Later, he took on stunt roles in films such as Pathala Bhairavi (1951) and Raju Peda (1954). Raghava’s significant career breakthrough came when he joined Gemini Studios, where he acted in small roles and performed stunts. His expertise in multiple languages caught the attention of MGM Studios, who hired him as the production manager for the English-language film Tarzan Goes to India (1962).
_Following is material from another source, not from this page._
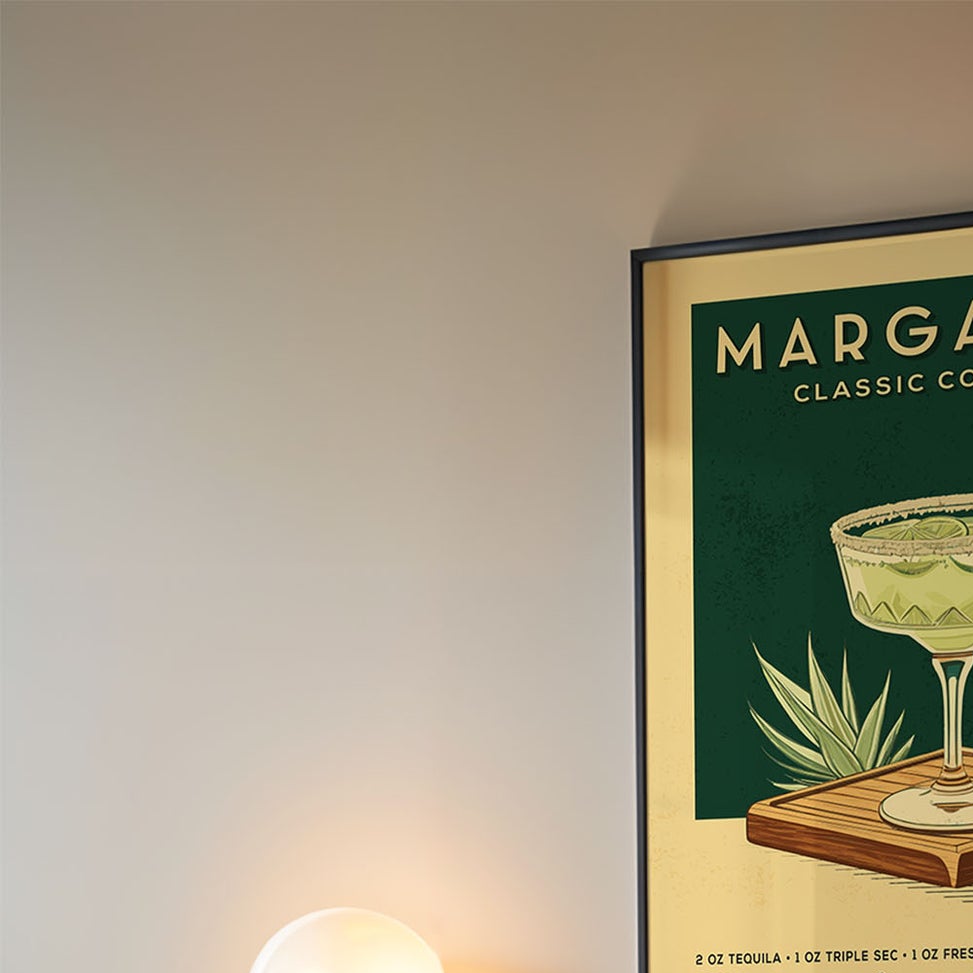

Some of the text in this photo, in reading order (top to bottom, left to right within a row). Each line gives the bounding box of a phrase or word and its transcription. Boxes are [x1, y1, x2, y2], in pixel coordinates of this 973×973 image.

This role took him to Rome, and he earned a substantial payment of $20,000 for his work.

=== Film production ===
Inspired by the films like Sugar Colt (1967) and Death Rides a Horse (1967) which he watched during his time in Rome, Raghava decided to venture into film production. His collaboration with K. Balachander led to the adaptation of the latter's play Major Chandrakanth into the film Sukha Dukhalu (1968). With the money he saved, Raghava partnered with Ekamreswara Rao and Surya Chandra to establish Falguna Films. Their first production was Jagath Kiladeelu (1969), a major success, followed by films like Jagath Jettilu (1970) and Jagath Jenthrilu (1971). Later, he started producing films independently under the banner of Pratap Art Productions, named after his son Pratap. Raghava produced 27 films under the banners Falguna Pictures and Pratap Arts, with most of them becoming commercial successes. His work included producing films in multiple languages, such as the Hindi film Itni Si Baat (1981) and the Tamil film Minor Mappillai (1996).
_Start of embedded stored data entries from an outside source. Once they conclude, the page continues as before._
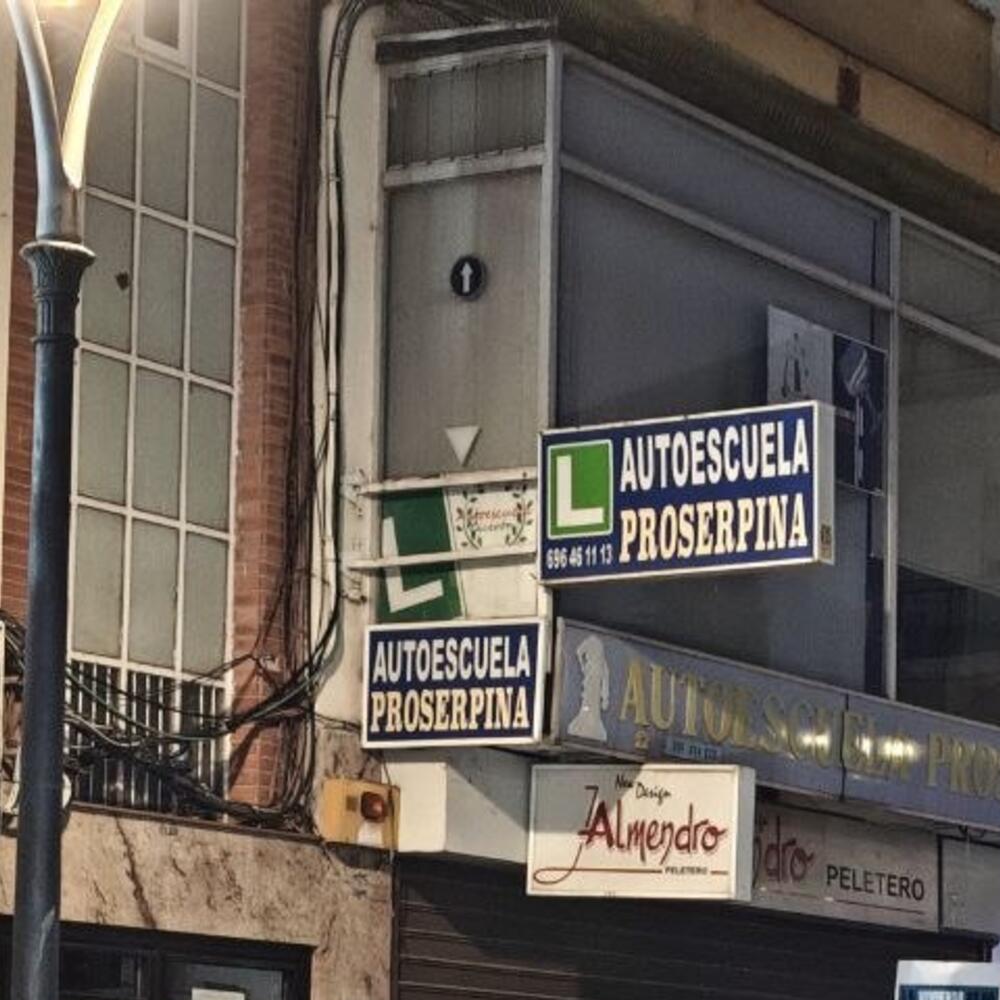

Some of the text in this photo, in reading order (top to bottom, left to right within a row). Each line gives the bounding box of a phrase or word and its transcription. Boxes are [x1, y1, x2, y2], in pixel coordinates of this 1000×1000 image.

[620, 418, 809, 493] AUTOESCUELA
[556, 455, 605, 527] L
[619, 493, 808, 564] PROSERPINA
[585, 544, 597, 566] 11
[372, 634, 531, 684] AUTOESCUELA
[369, 686, 529, 733] PROSERPINA
[826, 864, 925, 901] PELETERO
Raghava was instrumental in launching the careers of several iconic figures in the Telugu film industry. He introduced filmmakers such as Dasari Narayana Rao (Thatha Manavadu), Kodi Ramakrishna (Intlo Ramayya Veedhilo Krishnayya), Rajasri (Chaduvu Samskaram), and others. He is also credited with giving Konidela Venkata Rao, the father of Chiranjeevi, a role in Jagath Kiladeelu.

Raghava played a pivotal role in establishing the Telugu film industry in Hyderabad after its relocation from Madras (now Chennai). He collaborated with industry stalwarts like N. T. Rama Rao, Akkineni Nageswara Rao, and Rama Naidu to develop the film infrastructure in Hyderabad. Raghava set up Pratap Dubbing Theatre and was a key figure in the development of Film Nagar, which became a major hub for the Telugu film industry.

== Personal life ==
Raghava married Hamsarani, the sister of prominent producer M. K. Radha from Pondicherry. The couple had two children, a daughter named Prasanthi and a son named Pratap Mohan. Raghava could speak about eight languages. He died on 31 July 2018 at the age of 104 due to a heart attack in Hyderabad.
== Filmography ==
Producer

- Sukha Dukhalu (1968)
- Jagath Kiladeelu (1969)
- Jagath Jettilu (1970)
- Jagath Jenthrilu (1971)
- Thatha-Manavadu (1973)
- Samsaram Sagaram (1974)
- Chaduvu Samskaram (1975)
- Toorpu Padamara (1976)
- Surya Chandrulu (1978)
- Anthuleni Vinthakatha (1979)
- Itni Si Baat (1981)
- Intlo Ramayya Veedhilo Krishnayya (1982)
- Tarangini (1982)
- Triveni Sangamam (1983)
- Ee Prasnaku Baduledi? (1986)
- Yugakartalu (1987)
- Ankitham (1990)
- Minor Mappillai (1996) (Tamil)

- Stunt master
- Palnati Yuddham (1947)
- Pathala Bhairavi (1951)
- Raju Peda (1954)

- Actor
- Bala Nagamma (1942)
- Chandralekha (1948)

== Awards ==
Raghava received numerous awards during his career, including the Nandi Awards for films like Thatha Manavadu (1972) and Samsaram Sagaram (1973). His contribution to Telugu cinema earned him the title Cine Bhishma, reflecting his patriarchal role in the industry.

Raghava was honoured with the Raghupathi Venkaiah Award in 2009 for his contributions to the Telugu film industry.